On Wed, Feb 18, 2009 at 1:20 AM, Cristiano Paris <frodo at theshire.org> wrote:

> 2009/2/18 Luke Palmer <lrpalmer at gmail.com>:
> > ...
> > Using dependent types, you could have Prime come with a proof that the
> > integer it contains is prime, and thus make those assumptions explicit
> and
> > usable in the implementation.  Unfortunately, it would be a major pain in
> > the ass to do that in Haskell (for one, your algorithm would have to be
> > implemented at the type level with annoying typeclasses to reify number
> > types to real integers, and... yeah, people say Haskell has dependent
> types,
> > but not in any reasonable way :-).  Dependent languages like Agda, Coq,
> and
> > Epigram are designed for this kind of thing.
> I'm curious to know whether a type system exists in which such a
> constraint on the type of an argument can be expressed and enforced.

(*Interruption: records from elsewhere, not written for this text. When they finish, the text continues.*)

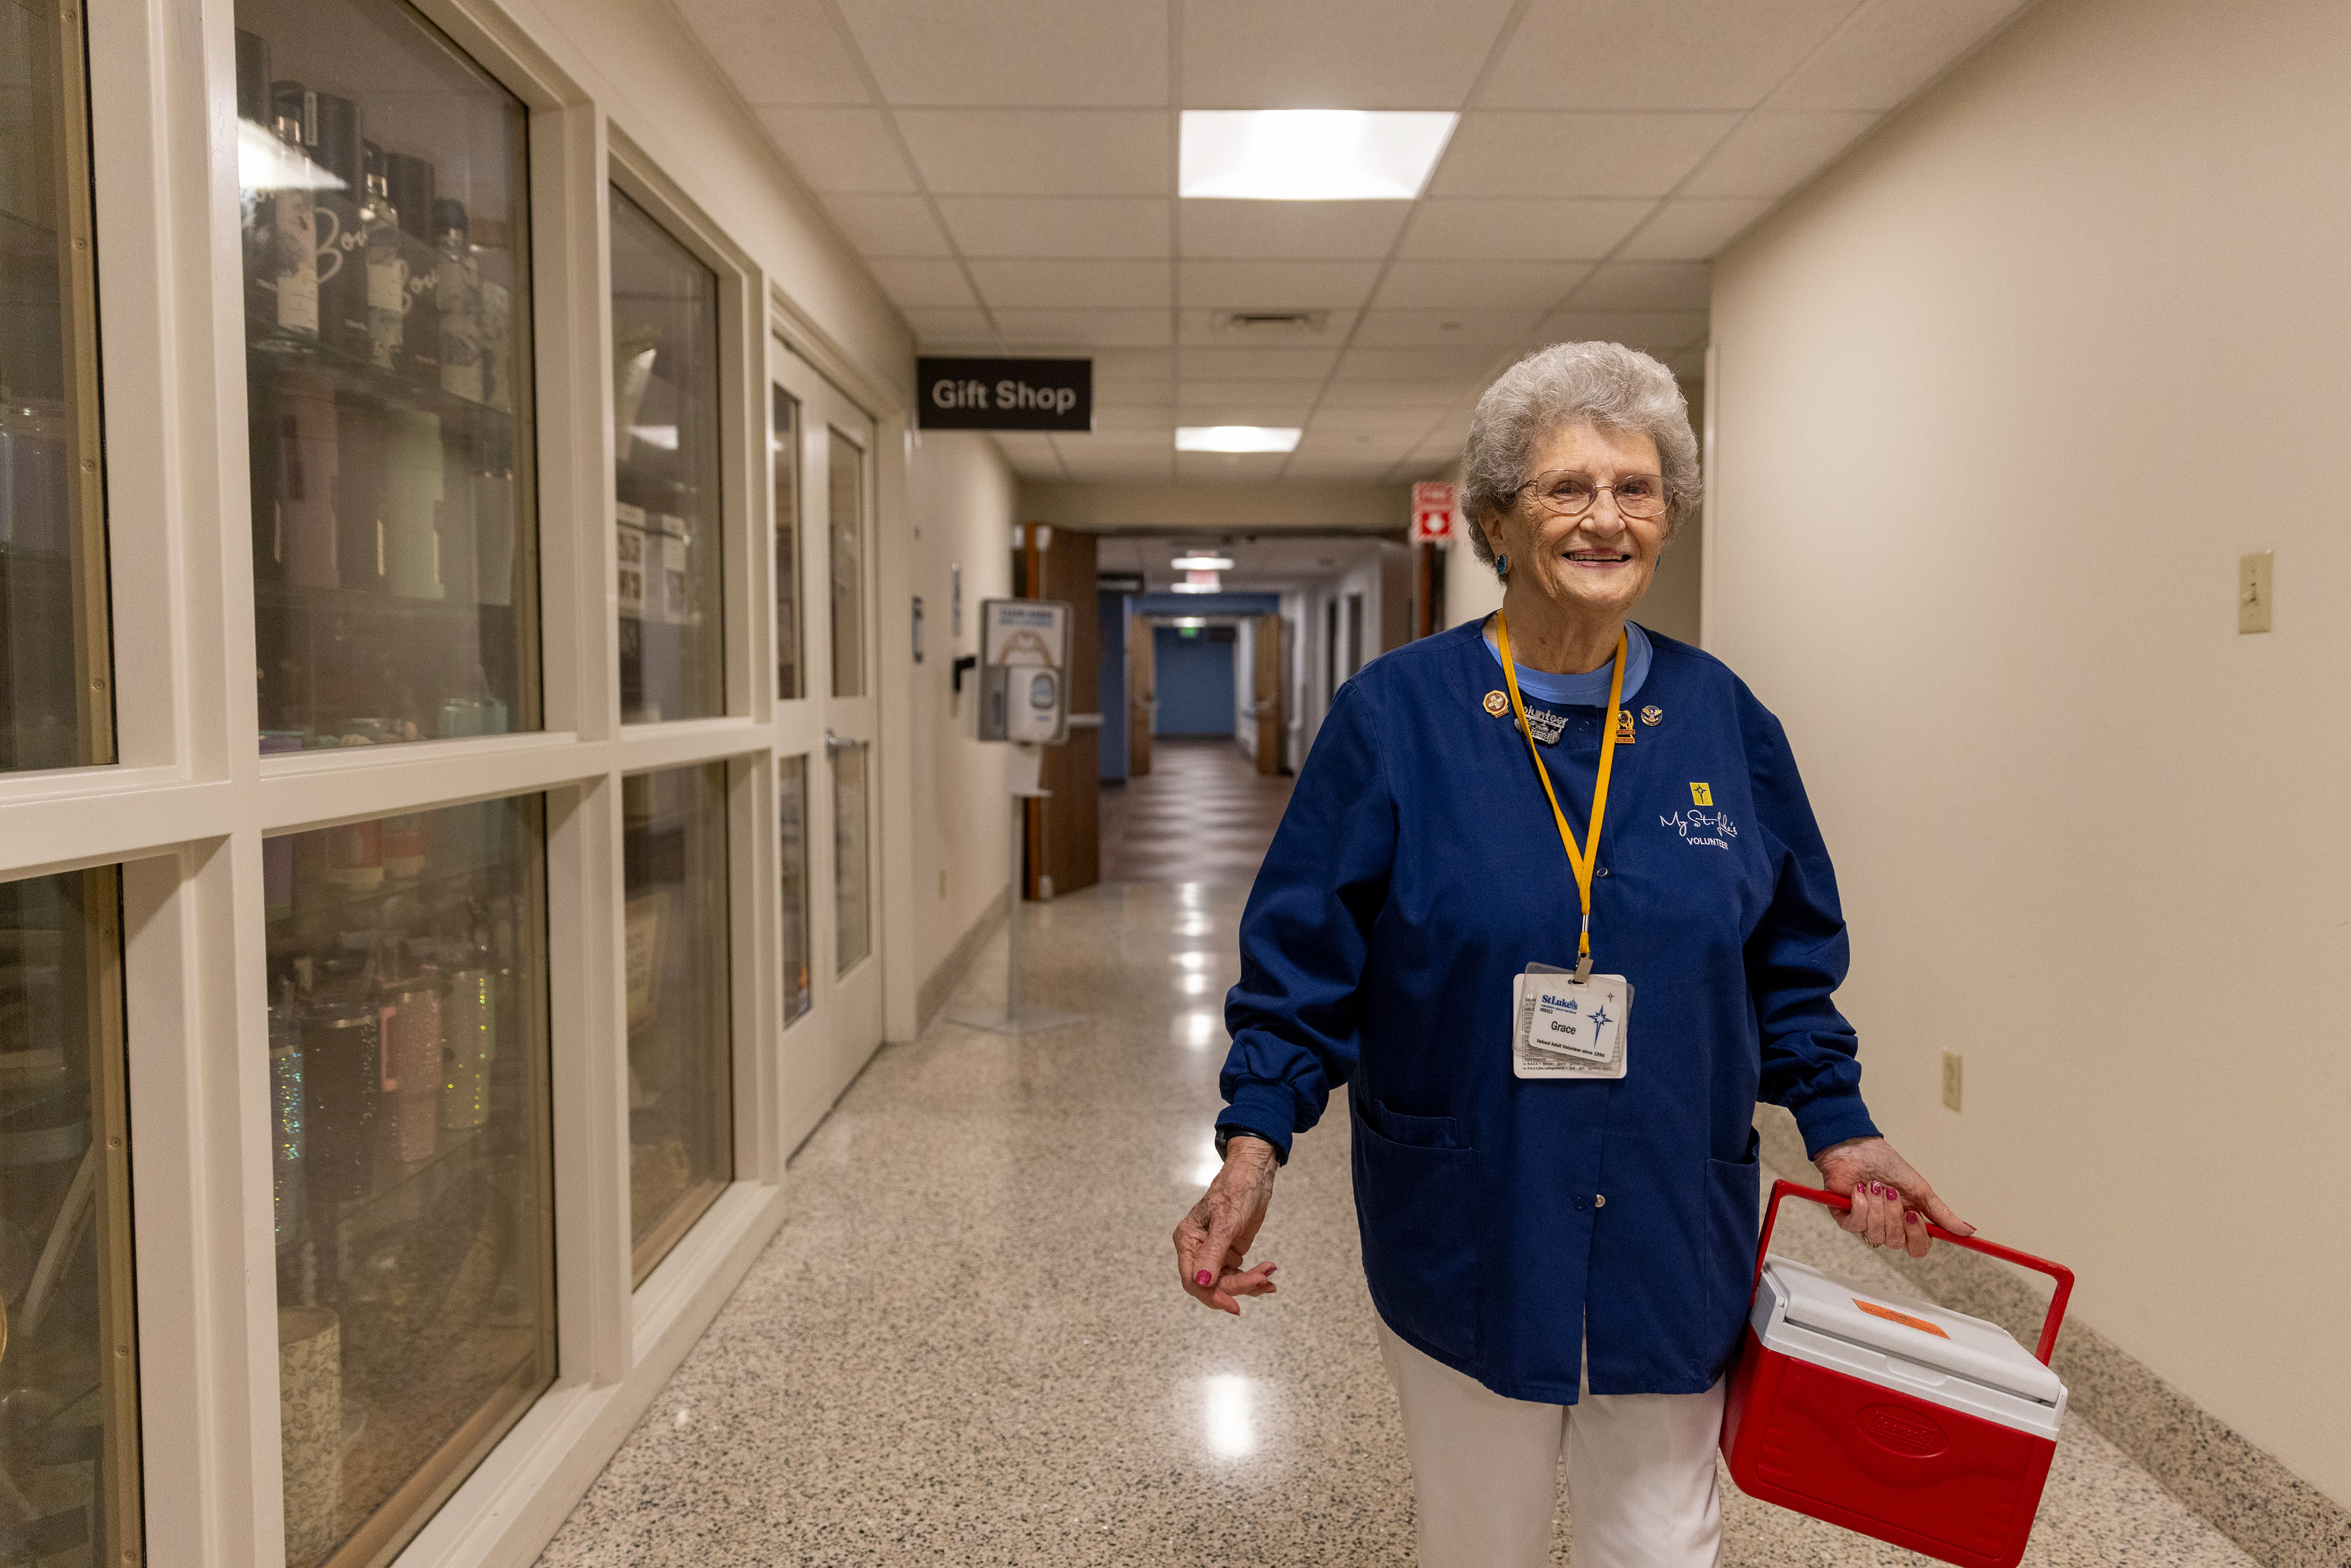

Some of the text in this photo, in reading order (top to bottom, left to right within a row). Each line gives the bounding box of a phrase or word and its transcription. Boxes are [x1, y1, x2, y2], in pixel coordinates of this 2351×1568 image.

[932, 379, 1077, 416] Gift Shop
[1524, 705, 1569, 726] olunteer
[1660, 811, 1687, 836] My
[1686, 837, 1728, 850] VOLUNTEER
[1551, 1021, 1576, 1035] Grace

See Agda, Coq, and Epigram.

For example, in Coq, the type of prime numbers is { n : Nat | prime n }, and
then when you destruct this, you get an n with the assumption prime n, which
can be used in proofs.

> In such a case, does the compiler will ever terminate the
> type-checking phase?

All three of the above languages are total, in that they may not infinite
loop (even at runtime).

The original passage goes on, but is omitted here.